Phrase grounding data:
===============

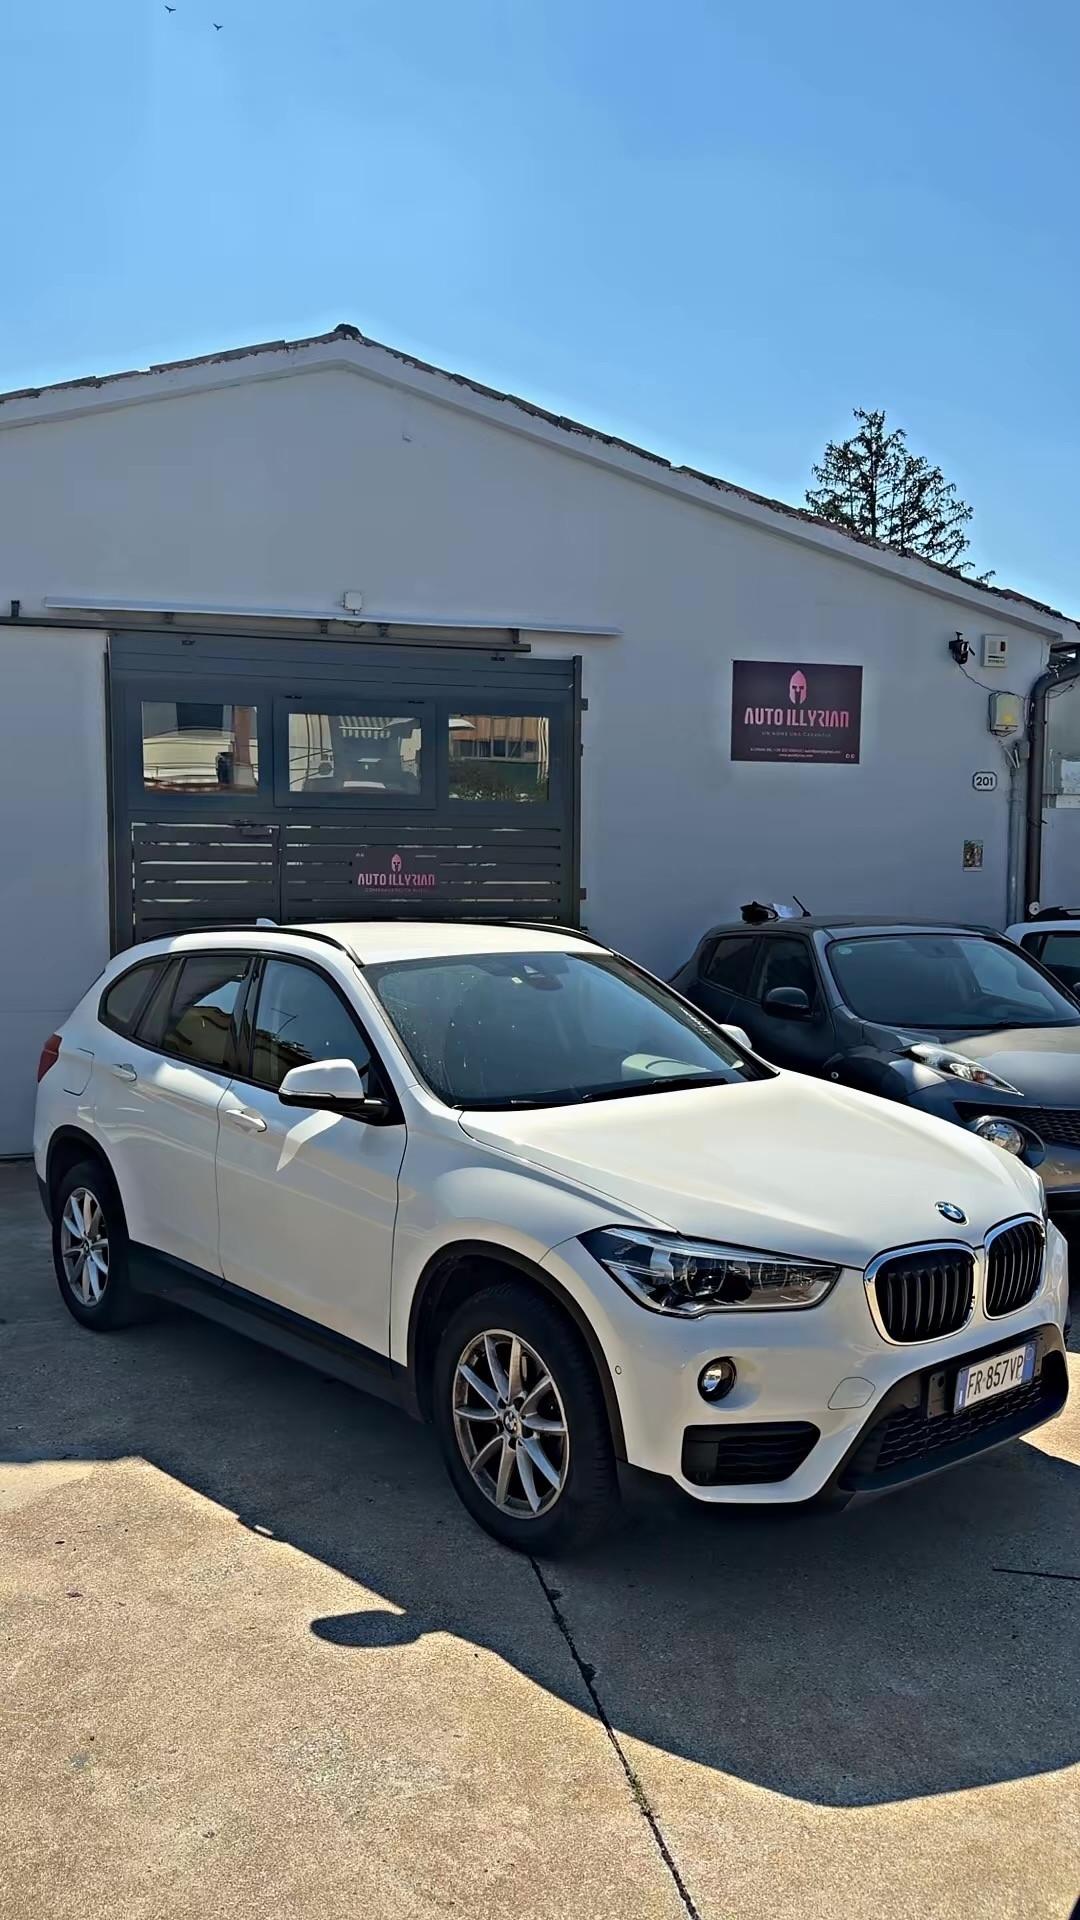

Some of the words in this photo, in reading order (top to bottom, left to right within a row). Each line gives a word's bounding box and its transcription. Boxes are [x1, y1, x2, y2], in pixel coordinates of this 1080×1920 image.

[744, 707, 783, 726] AUTO
[786, 709, 849, 728] ILLYRIAN
[976, 776, 993, 786] 201
[357, 873, 386, 886] AUTO
[389, 873, 435, 886] ILLYRIAN
[967, 1370, 983, 1398] FR
[986, 1355, 1024, 1390] 857VP
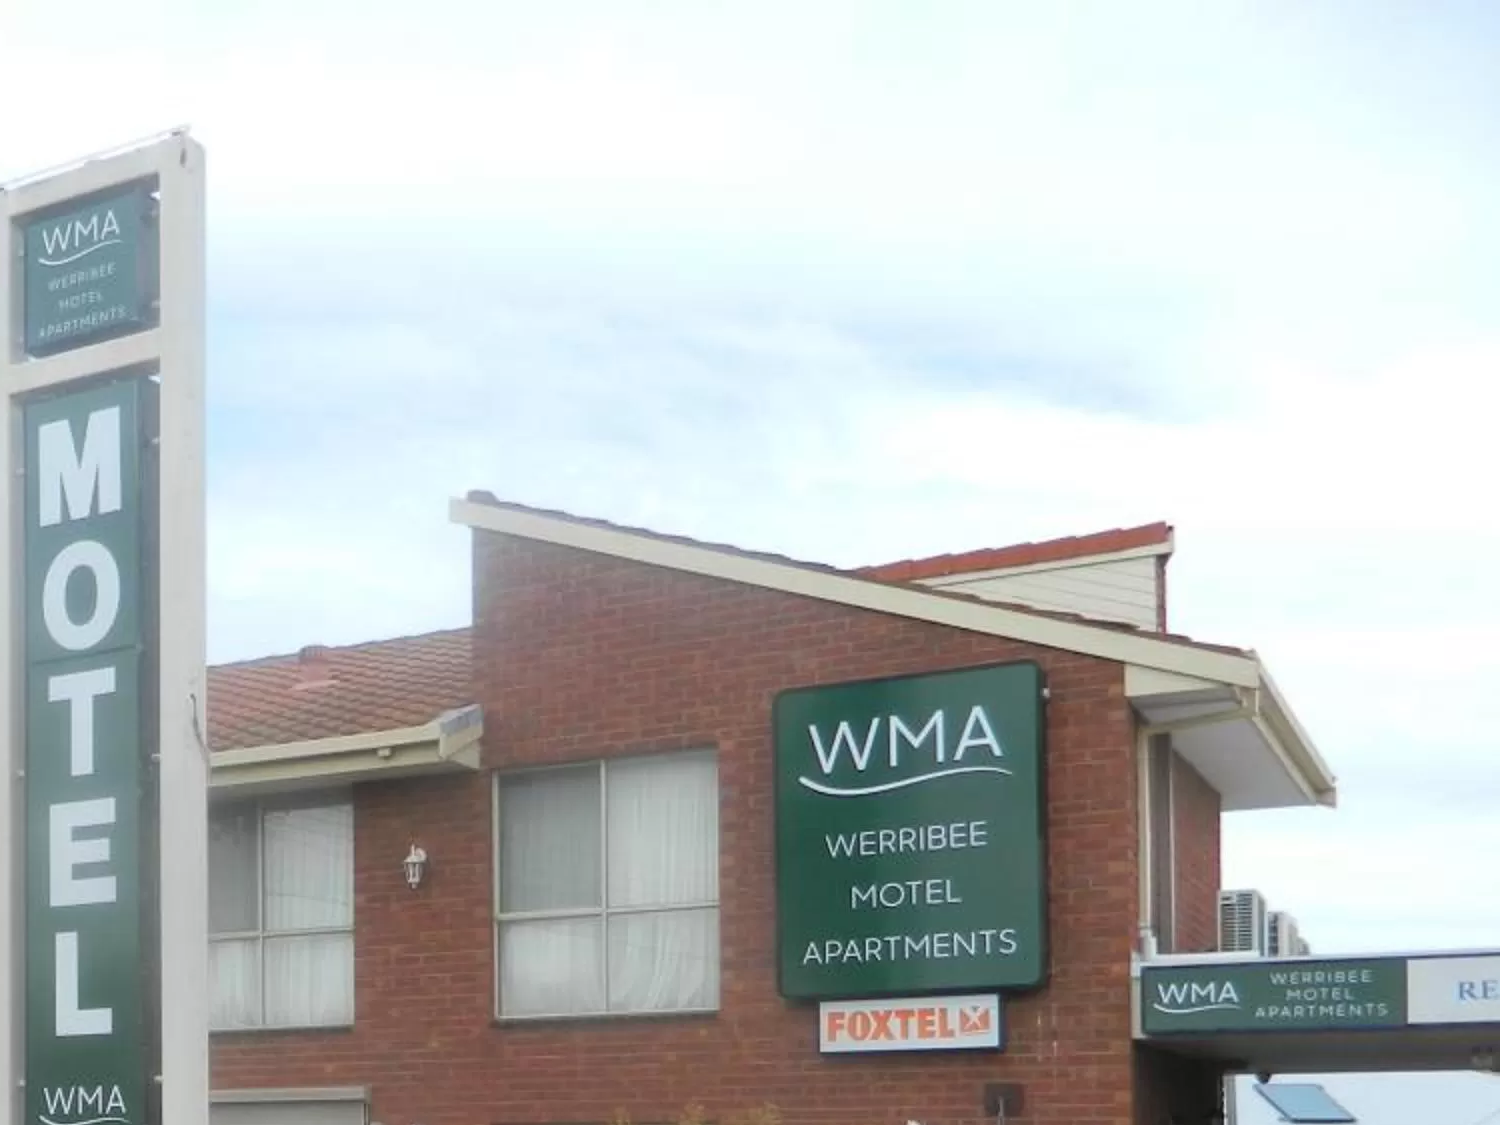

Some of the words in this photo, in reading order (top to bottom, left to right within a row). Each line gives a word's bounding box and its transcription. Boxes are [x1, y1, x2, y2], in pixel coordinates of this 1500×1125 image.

[42, 209, 119, 256] WMA
[38, 405, 121, 1037] MOTEL
[809, 705, 1003, 774] WMA
[825, 821, 988, 858] WERRIBEE
[851, 879, 962, 909] MOTEL
[803, 929, 1017, 965] APARTMENTS
[1158, 981, 1239, 1004] WMA
[1269, 969, 1373, 985] WERRIBEE
[1286, 986, 1354, 1001] MOTEL
[827, 1008, 954, 1042] FOXTEL
[1255, 1003, 1389, 1018] APARTMENTS
[43, 1085, 126, 1115] WMA
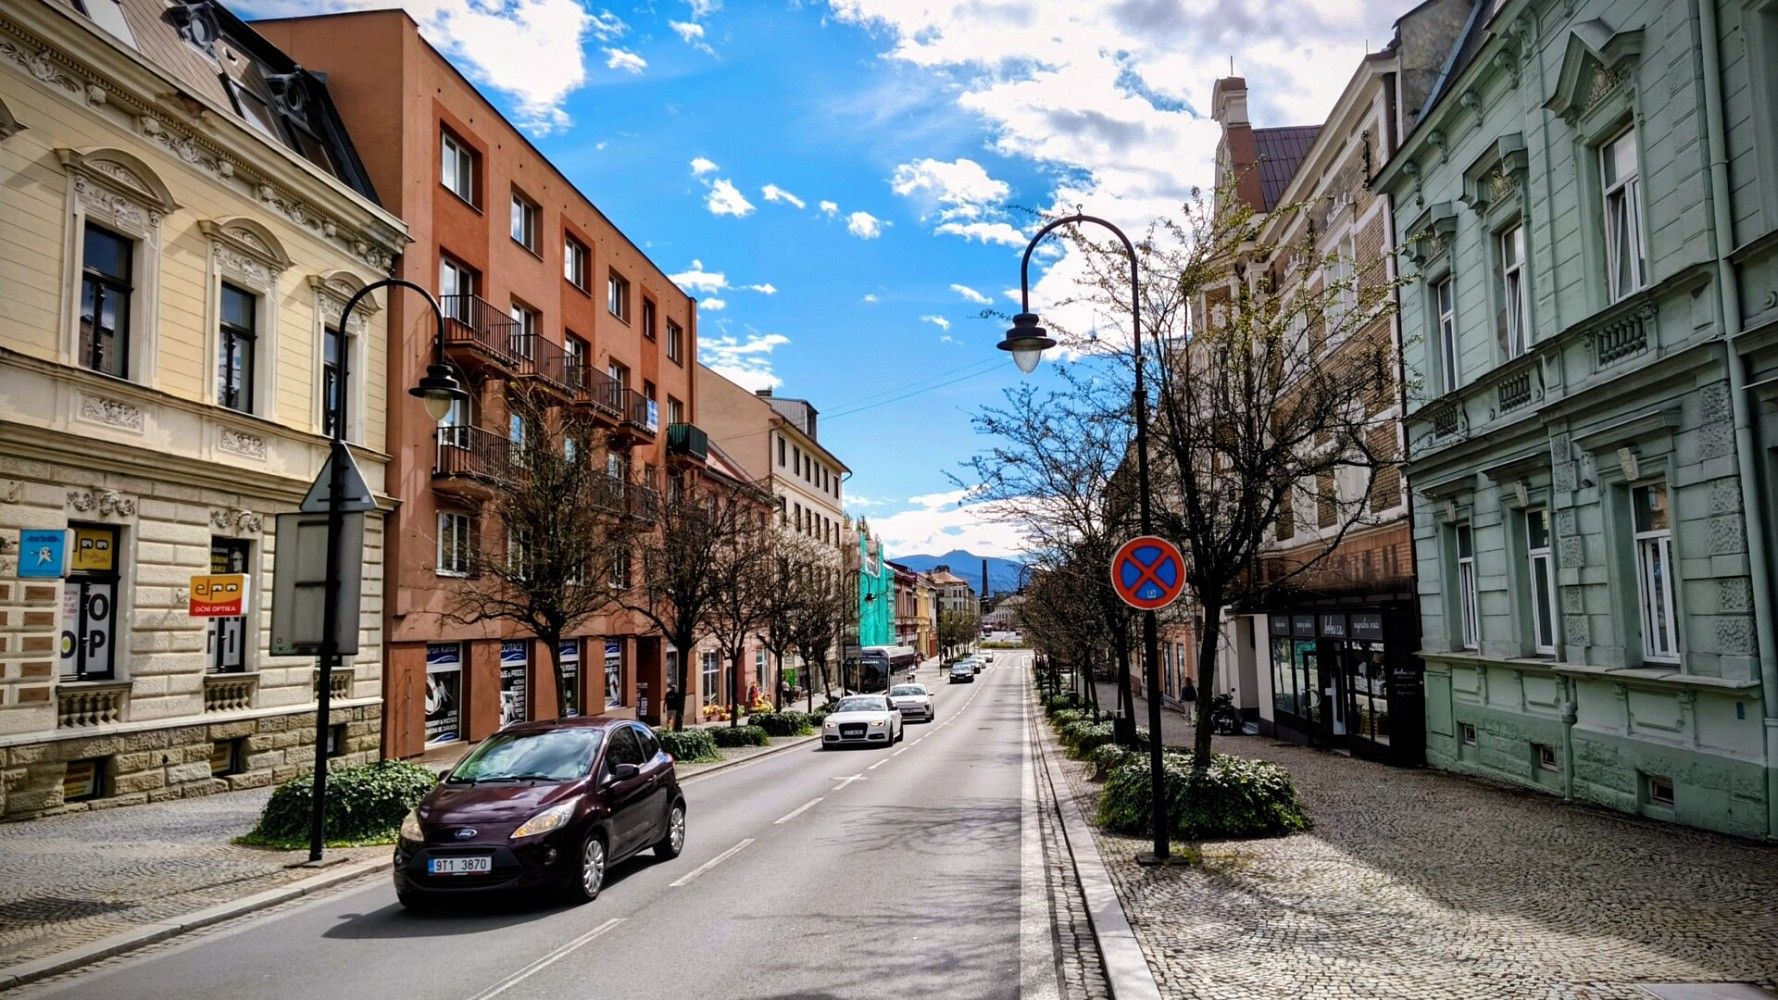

===============

» Exercise brief: Retype all the entries word for word; the pictures stay out.

» Result below:
Some of the words in this photo, in reading order (top to bottom, left to right within a row). Each line gives a word's bounding box and its transcription. Boxes are [x1, y1, x2, y2], in pixel coordinates of this 1080×1920 image.

[744, 707, 783, 726] AUTO
[786, 709, 849, 728] ILLYRIAN
[976, 776, 993, 786] 201
[357, 873, 386, 886] AUTO
[389, 873, 435, 886] ILLYRIAN
[967, 1370, 983, 1398] FR
[986, 1355, 1024, 1390] 857VP

Some of the words in this photo, in reading order (top to bottom, left to right within a row). Each line gives a word's bounding box and its transcription. Boxes are [x1, y1, x2, y2], in pixel coordinates of this 1500×1125 image.

[42, 209, 119, 256] WMA
[38, 405, 121, 1037] MOTEL
[809, 705, 1003, 774] WMA
[825, 821, 988, 858] WERRIBEE
[851, 879, 962, 909] MOTEL
[803, 929, 1017, 965] APARTMENTS
[1158, 981, 1239, 1004] WMA
[1269, 969, 1373, 985] WERRIBEE
[1286, 986, 1354, 1001] MOTEL
[827, 1008, 954, 1042] FOXTEL
[1255, 1003, 1389, 1018] APARTMENTS
[43, 1085, 126, 1115] WMA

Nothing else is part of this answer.